__Work item__. Copy out all the entries shown below, exactly as they appear.

|---|

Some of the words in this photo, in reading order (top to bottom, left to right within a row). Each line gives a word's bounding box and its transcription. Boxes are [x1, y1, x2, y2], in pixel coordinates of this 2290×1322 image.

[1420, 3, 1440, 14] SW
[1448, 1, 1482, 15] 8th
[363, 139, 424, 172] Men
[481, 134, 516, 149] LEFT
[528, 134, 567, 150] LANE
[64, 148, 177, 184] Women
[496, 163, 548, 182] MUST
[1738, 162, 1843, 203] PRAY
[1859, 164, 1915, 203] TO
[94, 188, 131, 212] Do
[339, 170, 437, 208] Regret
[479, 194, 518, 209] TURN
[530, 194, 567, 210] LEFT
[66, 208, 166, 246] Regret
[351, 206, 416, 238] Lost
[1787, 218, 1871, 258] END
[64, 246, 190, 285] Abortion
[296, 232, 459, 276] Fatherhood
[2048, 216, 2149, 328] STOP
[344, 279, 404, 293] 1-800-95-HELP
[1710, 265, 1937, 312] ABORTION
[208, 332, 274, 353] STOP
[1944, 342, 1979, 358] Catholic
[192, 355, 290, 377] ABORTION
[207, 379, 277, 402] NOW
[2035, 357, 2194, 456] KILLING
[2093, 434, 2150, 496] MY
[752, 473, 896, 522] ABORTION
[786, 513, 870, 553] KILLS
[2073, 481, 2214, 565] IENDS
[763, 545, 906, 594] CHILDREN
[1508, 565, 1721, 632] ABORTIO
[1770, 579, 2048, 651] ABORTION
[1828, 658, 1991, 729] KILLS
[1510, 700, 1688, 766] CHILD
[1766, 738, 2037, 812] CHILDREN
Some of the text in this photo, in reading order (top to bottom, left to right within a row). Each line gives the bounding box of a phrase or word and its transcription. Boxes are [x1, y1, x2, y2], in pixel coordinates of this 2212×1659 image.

|---|

__Answer section__.
Some of the words in this photo, in reading order (top to bottom, left to right within a row). Each line gives a word's bounding box and its transcription. Boxes are [x1, y1, x2, y2], in pixel coordinates of this 2290×1322 image.

[1420, 3, 1440, 14] SW
[1448, 1, 1482, 15] 8th
[363, 139, 424, 172] Men
[481, 134, 516, 149] LEFT
[528, 134, 567, 150] LANE
[64, 148, 177, 184] Women
[496, 163, 548, 182] MUST
[1738, 162, 1843, 203] PRAY
[1859, 164, 1915, 203] TO
[94, 188, 131, 212] Do
[339, 170, 437, 208] Regret
[479, 194, 518, 209] TURN
[530, 194, 567, 210] LEFT
[66, 208, 166, 246] Regret
[351, 206, 416, 238] Lost
[1787, 218, 1871, 258] END
[64, 246, 190, 285] Abortion
[296, 232, 459, 276] Fatherhood
[2048, 216, 2149, 328] STOP
[344, 279, 404, 293] 1-800-95-HELP
[1710, 265, 1937, 312] ABORTION
[208, 332, 274, 353] STOP
[1944, 342, 1979, 358] Catholic
[192, 355, 290, 377] ABORTION
[207, 379, 277, 402] NOW
[2035, 357, 2194, 456] KILLING
[2093, 434, 2150, 496] MY
[752, 473, 896, 522] ABORTION
[786, 513, 870, 553] KILLS
[2073, 481, 2214, 565] IENDS
[763, 545, 906, 594] CHILDREN
[1508, 565, 1721, 632] ABORTIO
[1770, 579, 2048, 651] ABORTION
[1828, 658, 1991, 729] KILLS
[1510, 700, 1688, 766] CHILD
[1766, 738, 2037, 812] CHILDREN
Some of the text in this photo, in reading order (top to bottom, left to right within a row). Each line gives the bounding box of a phrase or word and its transcription. Boxes are [x1, y1, x2, y2], in pixel coordinates of this 2212×1659 image.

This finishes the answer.